THE PROBLEM
Reproduce the whole listing, character for character.

------------------------------------

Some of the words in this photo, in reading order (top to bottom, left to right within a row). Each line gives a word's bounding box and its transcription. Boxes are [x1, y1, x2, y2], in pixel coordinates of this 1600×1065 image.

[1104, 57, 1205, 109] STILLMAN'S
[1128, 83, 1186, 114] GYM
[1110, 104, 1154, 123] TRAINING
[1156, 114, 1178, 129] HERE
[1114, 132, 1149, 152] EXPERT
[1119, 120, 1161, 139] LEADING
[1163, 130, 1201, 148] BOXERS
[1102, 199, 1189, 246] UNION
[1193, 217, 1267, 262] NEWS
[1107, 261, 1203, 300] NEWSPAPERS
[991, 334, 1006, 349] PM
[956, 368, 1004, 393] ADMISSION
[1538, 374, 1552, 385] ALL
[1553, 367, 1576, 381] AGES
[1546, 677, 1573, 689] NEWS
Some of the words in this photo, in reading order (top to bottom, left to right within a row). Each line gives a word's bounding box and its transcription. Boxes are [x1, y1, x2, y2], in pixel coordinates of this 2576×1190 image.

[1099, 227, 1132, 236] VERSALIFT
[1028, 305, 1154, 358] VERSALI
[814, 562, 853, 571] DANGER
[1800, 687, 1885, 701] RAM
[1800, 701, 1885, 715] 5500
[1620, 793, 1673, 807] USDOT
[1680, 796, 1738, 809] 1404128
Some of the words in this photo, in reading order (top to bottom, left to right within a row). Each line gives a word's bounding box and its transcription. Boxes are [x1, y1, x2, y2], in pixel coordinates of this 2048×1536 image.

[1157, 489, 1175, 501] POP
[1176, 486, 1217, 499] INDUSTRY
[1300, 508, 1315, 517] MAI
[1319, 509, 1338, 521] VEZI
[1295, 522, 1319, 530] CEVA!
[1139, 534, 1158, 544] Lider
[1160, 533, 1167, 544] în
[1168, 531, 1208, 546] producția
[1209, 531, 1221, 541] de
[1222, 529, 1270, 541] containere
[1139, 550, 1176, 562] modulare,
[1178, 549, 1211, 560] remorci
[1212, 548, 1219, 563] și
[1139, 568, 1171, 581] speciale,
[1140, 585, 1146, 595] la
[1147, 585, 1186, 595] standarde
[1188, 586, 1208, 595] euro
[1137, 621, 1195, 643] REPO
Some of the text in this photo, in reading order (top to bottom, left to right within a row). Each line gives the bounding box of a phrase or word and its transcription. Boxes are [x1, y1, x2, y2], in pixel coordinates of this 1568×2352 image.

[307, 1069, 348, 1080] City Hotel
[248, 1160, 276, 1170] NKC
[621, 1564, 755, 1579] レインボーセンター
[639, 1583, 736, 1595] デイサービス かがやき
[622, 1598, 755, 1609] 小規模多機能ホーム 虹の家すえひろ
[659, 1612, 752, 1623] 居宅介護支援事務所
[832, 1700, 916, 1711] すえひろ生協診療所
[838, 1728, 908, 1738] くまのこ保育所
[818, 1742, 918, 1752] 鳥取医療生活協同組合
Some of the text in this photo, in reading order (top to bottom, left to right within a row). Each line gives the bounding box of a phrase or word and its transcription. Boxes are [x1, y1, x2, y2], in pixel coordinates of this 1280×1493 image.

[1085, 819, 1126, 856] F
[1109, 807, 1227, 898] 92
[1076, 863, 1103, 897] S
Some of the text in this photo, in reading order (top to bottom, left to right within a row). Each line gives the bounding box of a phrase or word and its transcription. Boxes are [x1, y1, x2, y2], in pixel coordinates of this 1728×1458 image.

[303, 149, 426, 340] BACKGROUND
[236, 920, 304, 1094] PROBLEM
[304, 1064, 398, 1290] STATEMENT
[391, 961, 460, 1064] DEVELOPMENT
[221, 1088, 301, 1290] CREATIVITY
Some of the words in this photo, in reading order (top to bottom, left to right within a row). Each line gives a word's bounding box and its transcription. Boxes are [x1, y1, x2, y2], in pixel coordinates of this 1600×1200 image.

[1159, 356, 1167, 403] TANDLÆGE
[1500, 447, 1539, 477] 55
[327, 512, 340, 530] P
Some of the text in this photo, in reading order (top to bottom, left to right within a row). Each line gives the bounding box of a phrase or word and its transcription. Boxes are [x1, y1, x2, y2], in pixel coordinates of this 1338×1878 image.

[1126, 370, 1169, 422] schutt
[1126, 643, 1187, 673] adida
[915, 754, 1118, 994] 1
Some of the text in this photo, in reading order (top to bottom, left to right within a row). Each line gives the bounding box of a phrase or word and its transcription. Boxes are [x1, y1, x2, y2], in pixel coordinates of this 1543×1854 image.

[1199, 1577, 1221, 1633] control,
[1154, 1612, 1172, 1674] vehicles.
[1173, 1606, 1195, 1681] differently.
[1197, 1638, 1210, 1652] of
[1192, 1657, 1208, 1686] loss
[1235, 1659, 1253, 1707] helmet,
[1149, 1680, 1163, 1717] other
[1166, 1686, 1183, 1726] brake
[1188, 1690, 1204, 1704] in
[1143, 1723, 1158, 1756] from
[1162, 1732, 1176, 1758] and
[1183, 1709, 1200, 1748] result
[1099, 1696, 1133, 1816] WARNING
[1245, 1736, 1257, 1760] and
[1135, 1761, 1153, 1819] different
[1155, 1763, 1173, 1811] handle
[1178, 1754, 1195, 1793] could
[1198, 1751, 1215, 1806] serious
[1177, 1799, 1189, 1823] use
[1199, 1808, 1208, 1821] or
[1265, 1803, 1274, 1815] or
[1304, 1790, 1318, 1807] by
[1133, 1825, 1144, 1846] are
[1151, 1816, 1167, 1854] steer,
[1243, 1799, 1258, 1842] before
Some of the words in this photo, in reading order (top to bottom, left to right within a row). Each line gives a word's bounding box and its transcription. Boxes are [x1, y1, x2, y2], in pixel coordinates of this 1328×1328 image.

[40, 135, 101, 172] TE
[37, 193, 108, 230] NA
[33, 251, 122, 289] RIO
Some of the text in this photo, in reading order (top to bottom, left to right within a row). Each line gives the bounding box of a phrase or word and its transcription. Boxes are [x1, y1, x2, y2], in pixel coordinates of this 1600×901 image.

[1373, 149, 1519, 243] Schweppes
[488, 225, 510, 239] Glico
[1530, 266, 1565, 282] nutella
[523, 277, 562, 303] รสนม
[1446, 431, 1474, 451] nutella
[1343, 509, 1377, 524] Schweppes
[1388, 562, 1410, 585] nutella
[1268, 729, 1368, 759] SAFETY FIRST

------------------------------------

REPLY
Some of the words in this photo, in reading order (top to bottom, left to right within a row). Each line gives a word's bounding box and its transcription. Boxes are [x1, y1, x2, y2], in pixel coordinates of this 1600×1065 image.

[1104, 57, 1205, 109] STILLMAN'S
[1128, 83, 1186, 114] GYM
[1110, 104, 1154, 123] TRAINING
[1156, 114, 1178, 129] HERE
[1114, 132, 1149, 152] EXPERT
[1119, 120, 1161, 139] LEADING
[1163, 130, 1201, 148] BOXERS
[1102, 199, 1189, 246] UNION
[1193, 217, 1267, 262] NEWS
[1107, 261, 1203, 300] NEWSPAPERS
[991, 334, 1006, 349] PM
[956, 368, 1004, 393] ADMISSION
[1538, 374, 1552, 385] ALL
[1553, 367, 1576, 381] AGES
[1546, 677, 1573, 689] NEWS
Some of the words in this photo, in reading order (top to bottom, left to right within a row). Each line gives a word's bounding box and its transcription. Boxes are [x1, y1, x2, y2], in pixel coordinates of this 2576×1190 image.

[1099, 227, 1132, 236] VERSALIFT
[1028, 305, 1154, 358] VERSALI
[814, 562, 853, 571] DANGER
[1800, 687, 1885, 701] RAM
[1800, 701, 1885, 715] 5500
[1620, 793, 1673, 807] USDOT
[1680, 796, 1738, 809] 1404128
Some of the words in this photo, in reading order (top to bottom, left to right within a row). Each line gives a word's bounding box and its transcription. Boxes are [x1, y1, x2, y2], in pixel coordinates of this 2048×1536 image.

[1157, 489, 1175, 501] POP
[1176, 486, 1217, 499] INDUSTRY
[1300, 508, 1315, 517] MAI
[1319, 509, 1338, 521] VEZI
[1295, 522, 1319, 530] CEVA!
[1139, 534, 1158, 544] Lider
[1160, 533, 1167, 544] în
[1168, 531, 1208, 546] producția
[1209, 531, 1221, 541] de
[1222, 529, 1270, 541] containere
[1139, 550, 1176, 562] modulare,
[1178, 549, 1211, 560] remorci
[1212, 548, 1219, 563] și
[1139, 568, 1171, 581] speciale,
[1140, 585, 1146, 595] la
[1147, 585, 1186, 595] standarde
[1188, 586, 1208, 595] euro
[1137, 621, 1195, 643] REPO
Some of the text in this photo, in reading order (top to bottom, left to right within a row). Each line gives the bounding box of a phrase or word and its transcription. Boxes are [x1, y1, x2, y2], in pixel coordinates of this 1568×2352 image.

[307, 1069, 348, 1080] City Hotel
[248, 1160, 276, 1170] NKC
[621, 1564, 755, 1579] レインボーセンター
[639, 1583, 736, 1595] デイサービス かがやき
[622, 1598, 755, 1609] 小規模多機能ホーム 虹の家すえひろ
[659, 1612, 752, 1623] 居宅介護支援事務所
[832, 1700, 916, 1711] すえひろ生協診療所
[838, 1728, 908, 1738] くまのこ保育所
[818, 1742, 918, 1752] 鳥取医療生活協同組合
Some of the text in this photo, in reading order (top to bottom, left to right within a row). Each line gives the bounding box of a phrase or word and its transcription. Boxes are [x1, y1, x2, y2], in pixel coordinates of this 1280×1493 image.

[1085, 819, 1126, 856] F
[1109, 807, 1227, 898] 92
[1076, 863, 1103, 897] S
Some of the text in this photo, in reading order (top to bottom, left to right within a row). Each line gives the bounding box of a phrase or word and its transcription. Boxes are [x1, y1, x2, y2], in pixel coordinates of this 1728×1458 image.

[303, 149, 426, 340] BACKGROUND
[236, 920, 304, 1094] PROBLEM
[304, 1064, 398, 1290] STATEMENT
[391, 961, 460, 1064] DEVELOPMENT
[221, 1088, 301, 1290] CREATIVITY
Some of the words in this photo, in reading order (top to bottom, left to right within a row). Each line gives a word's bounding box and its transcription. Boxes are [x1, y1, x2, y2], in pixel coordinates of this 1600×1200 image.

[1159, 356, 1167, 403] TANDLÆGE
[1500, 447, 1539, 477] 55
[327, 512, 340, 530] P
Some of the text in this photo, in reading order (top to bottom, left to right within a row). Each line gives the bounding box of a phrase or word and its transcription. Boxes are [x1, y1, x2, y2], in pixel coordinates of this 1338×1878 image.

[1126, 370, 1169, 422] schutt
[1126, 643, 1187, 673] adida
[915, 754, 1118, 994] 1
Some of the text in this photo, in reading order (top to bottom, left to right within a row). Each line gives the bounding box of a phrase or word and its transcription. Boxes are [x1, y1, x2, y2], in pixel coordinates of this 1543×1854 image.

[1199, 1577, 1221, 1633] control,
[1154, 1612, 1172, 1674] vehicles.
[1173, 1606, 1195, 1681] differently.
[1197, 1638, 1210, 1652] of
[1192, 1657, 1208, 1686] loss
[1235, 1659, 1253, 1707] helmet,
[1149, 1680, 1163, 1717] other
[1166, 1686, 1183, 1726] brake
[1188, 1690, 1204, 1704] in
[1143, 1723, 1158, 1756] from
[1162, 1732, 1176, 1758] and
[1183, 1709, 1200, 1748] result
[1099, 1696, 1133, 1816] WARNING
[1245, 1736, 1257, 1760] and
[1135, 1761, 1153, 1819] different
[1155, 1763, 1173, 1811] handle
[1178, 1754, 1195, 1793] could
[1198, 1751, 1215, 1806] serious
[1177, 1799, 1189, 1823] use
[1199, 1808, 1208, 1821] or
[1265, 1803, 1274, 1815] or
[1304, 1790, 1318, 1807] by
[1133, 1825, 1144, 1846] are
[1151, 1816, 1167, 1854] steer,
[1243, 1799, 1258, 1842] before
Some of the words in this photo, in reading order (top to bottom, left to right within a row). Each line gives a word's bounding box and its transcription. Boxes are [x1, y1, x2, y2], in pixel coordinates of this 1328×1328 image.

[40, 135, 101, 172] TE
[37, 193, 108, 230] NA
[33, 251, 122, 289] RIO
Some of the text in this photo, in reading order (top to bottom, left to right within a row). Each line gives the bounding box of a phrase or word and its transcription. Boxes are [x1, y1, x2, y2], in pixel coordinates of this 1600×901 image.

[1373, 149, 1519, 243] Schweppes
[488, 225, 510, 239] Glico
[1530, 266, 1565, 282] nutella
[523, 277, 562, 303] รสนม
[1446, 431, 1474, 451] nutella
[1343, 509, 1377, 524] Schweppes
[1388, 562, 1410, 585] nutella
[1268, 729, 1368, 759] SAFETY FIRST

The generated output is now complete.